I've been awake for 20+ hrs. What does that mean? I just realized if BSB were Twilight characters, Brian would be Jake and Howie would be Edward based on the video for "Everybody". That's unsettling.
It's unsettling that you took the time to think about that.
so Brent and I ordered you a drink then realized you don't live here. I drank it.
So this shipmate of mine somehow managed to throw up in his back pocket.
Hit a parked car with a "property of Jesus Christ" bumper sticker. Wrote out five hail mary's and left it on the windshield.
Just took a final in the room where I lost my virginity. I think it was god luck.
Come over. Drunk tacos.
That isn't even a sentence.
I kept the important parts.
some girl just asked me if I was that guy that hooked up with nine girls in one night. officially a local celebrity. gonna try and autograph her boobs.

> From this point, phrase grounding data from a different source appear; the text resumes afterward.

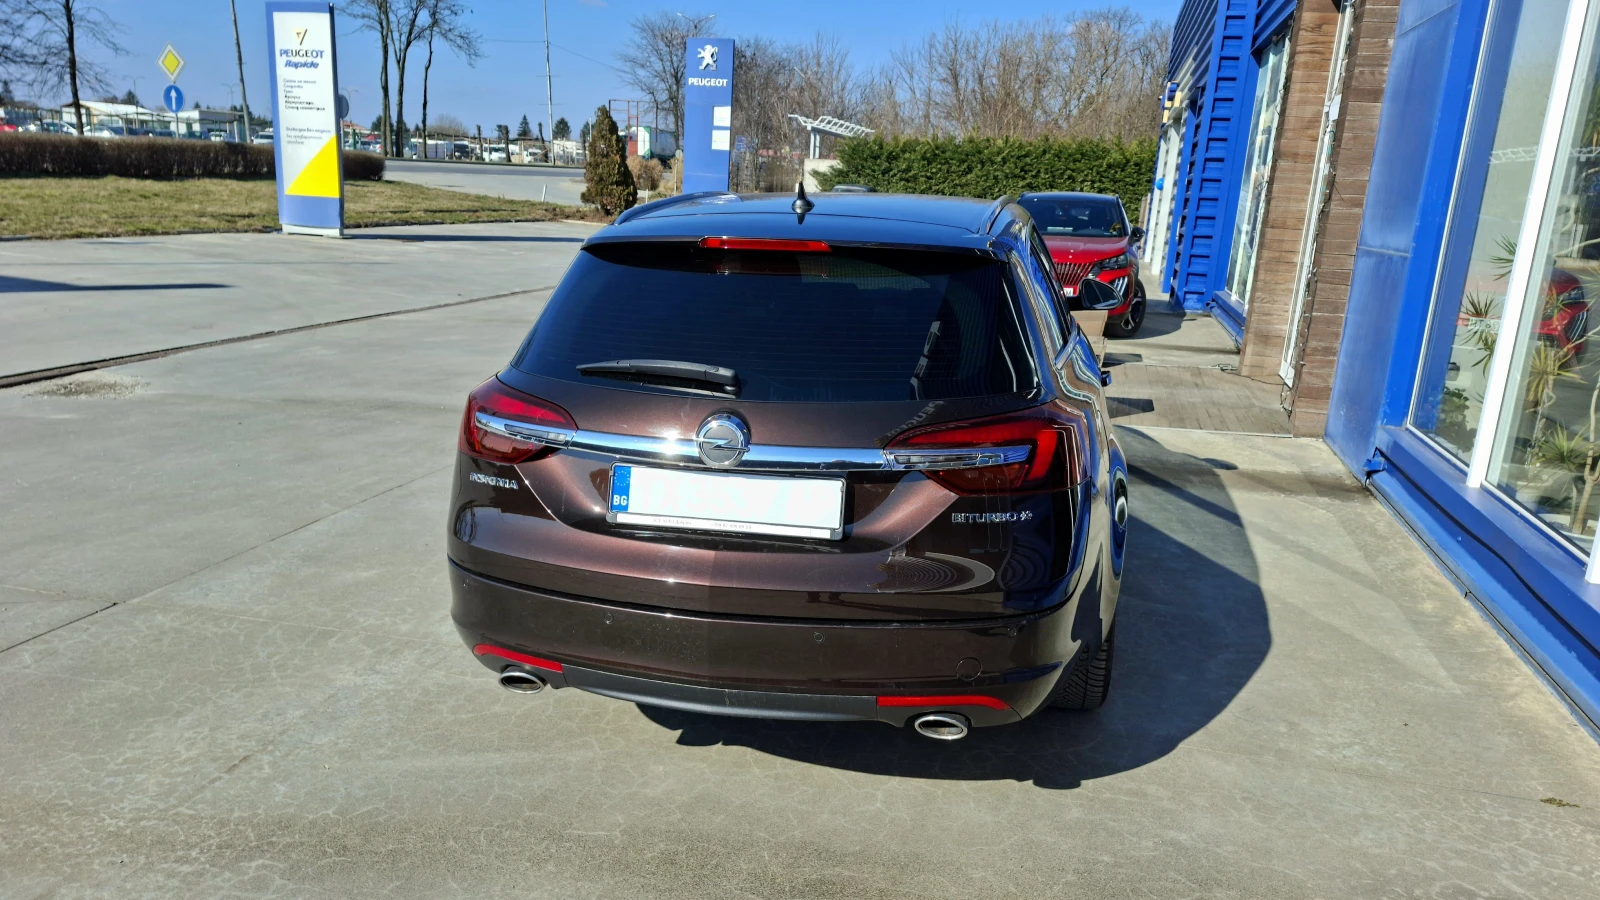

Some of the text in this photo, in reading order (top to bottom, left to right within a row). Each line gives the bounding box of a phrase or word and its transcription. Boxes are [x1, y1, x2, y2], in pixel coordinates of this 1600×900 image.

[279, 49, 325, 58] PEUGEOT
[688, 77, 728, 87] PEUGEOT
[470, 472, 519, 490] INSIGNIA
[613, 494, 628, 506] BG
[951, 511, 1019, 523] BITURBO
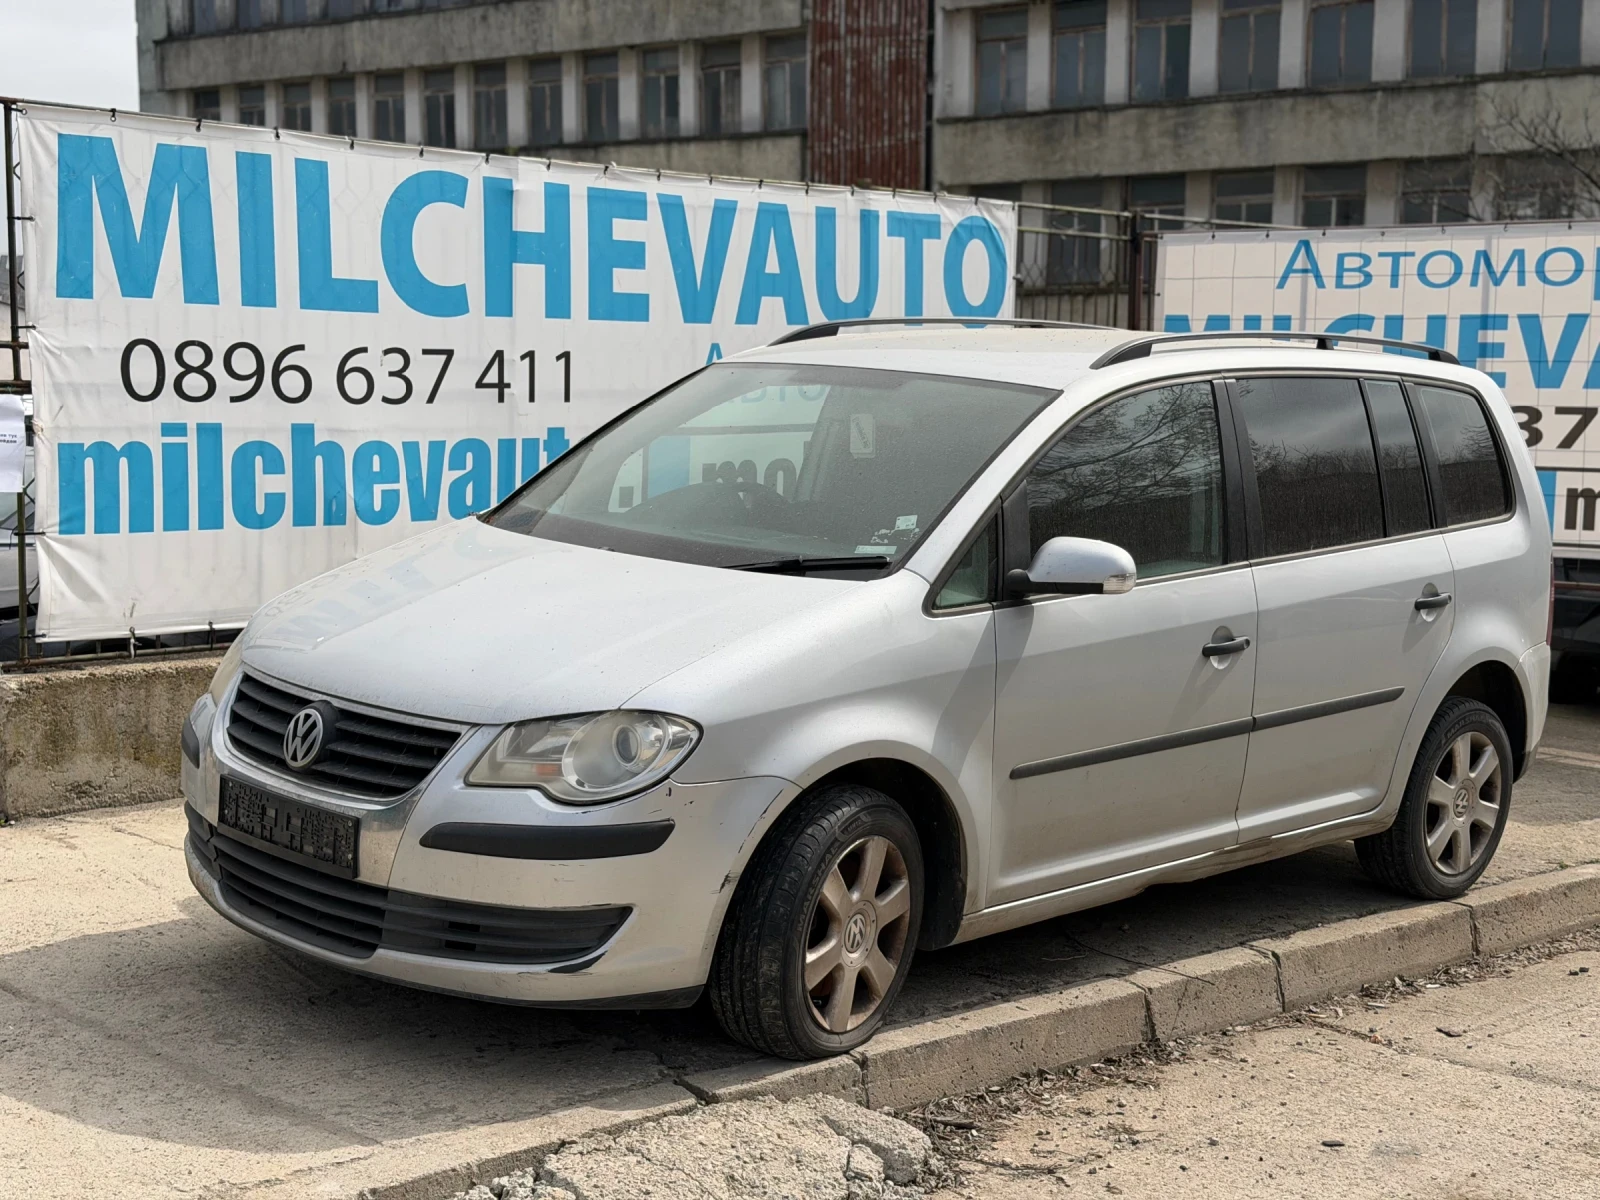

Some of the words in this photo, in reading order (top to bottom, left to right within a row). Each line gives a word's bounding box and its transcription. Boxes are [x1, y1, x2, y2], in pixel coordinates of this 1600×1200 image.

[56, 133, 1008, 328] MILCHEVAUTO
[1276, 239, 1600, 299] Автомо
[120, 338, 312, 402] 0896
[336, 346, 454, 405] 637
[475, 350, 572, 404] 411
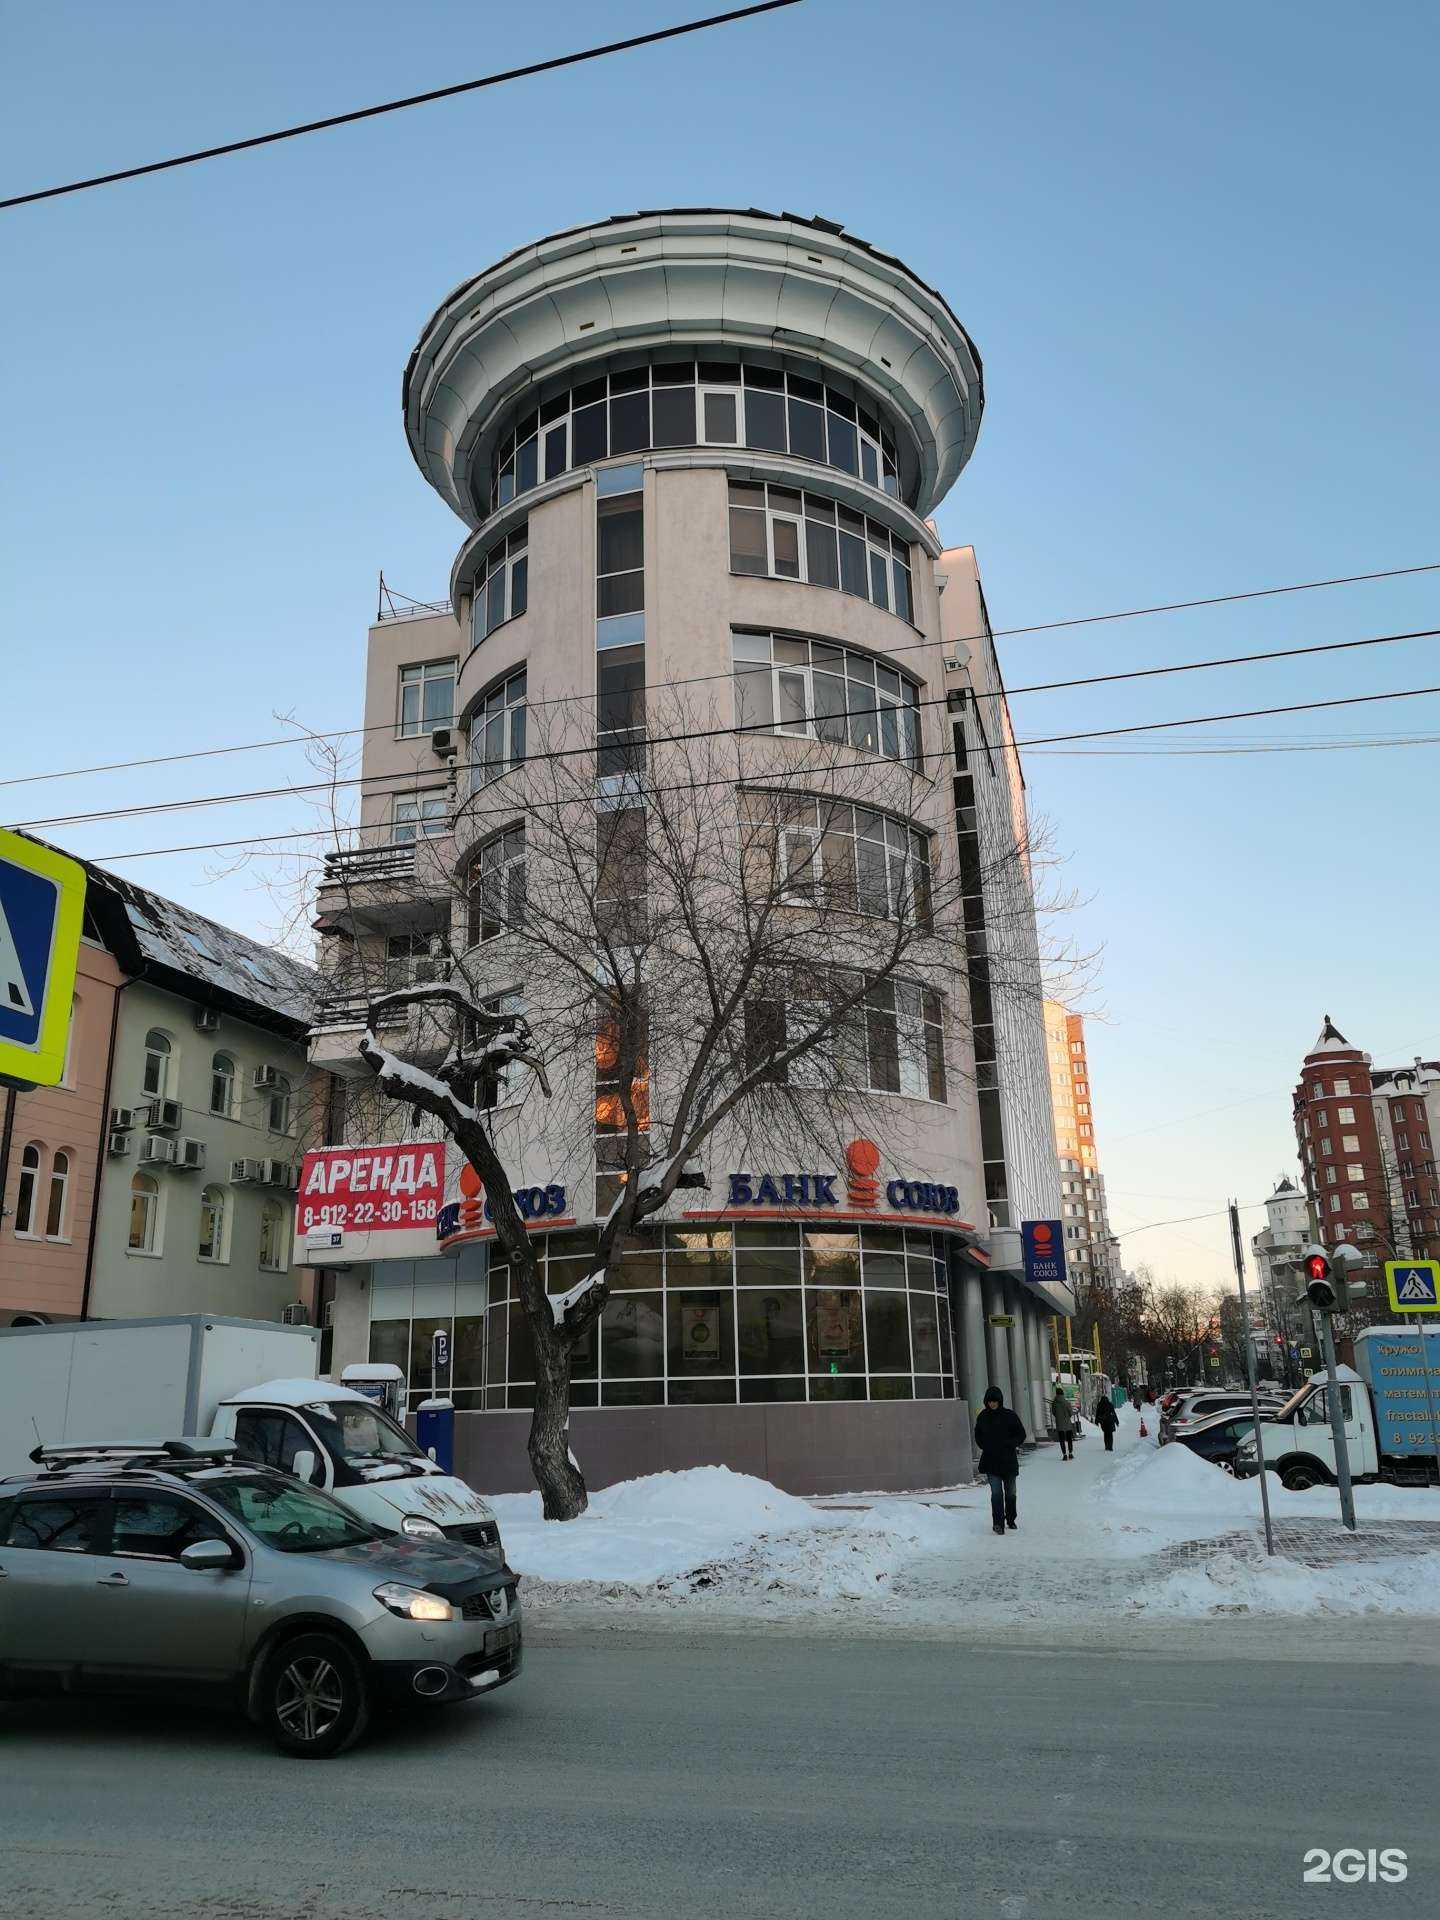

she found out just an hour ago that she might have cervical cancer. either way we're watching 50/50 and taking a shot of patron anytime anyone says cancer.
I'd just like to inform all involved that walking into a liquor store holding a milk crate at the beginning of a night as stock ends badly
All three of my roommates have their significant others over. We're all hanging out in the living room. It's like I'm the trifecta of third-wheeling
Please don't pee your pants in the cab. One more time, and im pretty sure the cab companies will refuse to pick you up anymore
hitting rock bottom is getting taziki in your hair & simply putting it in a bun instead of actually dealing with it, just like your problems
I would say that that is the last time I ever drink a bottle of jack in two hours, but really who am I kidding?
Woke up next to a half eaten Philly Cheesesteak. Honestly probably one of the top 3 things I've ever woken up next to.
How many Hail Marys does a girl need to say to get some quality nudes?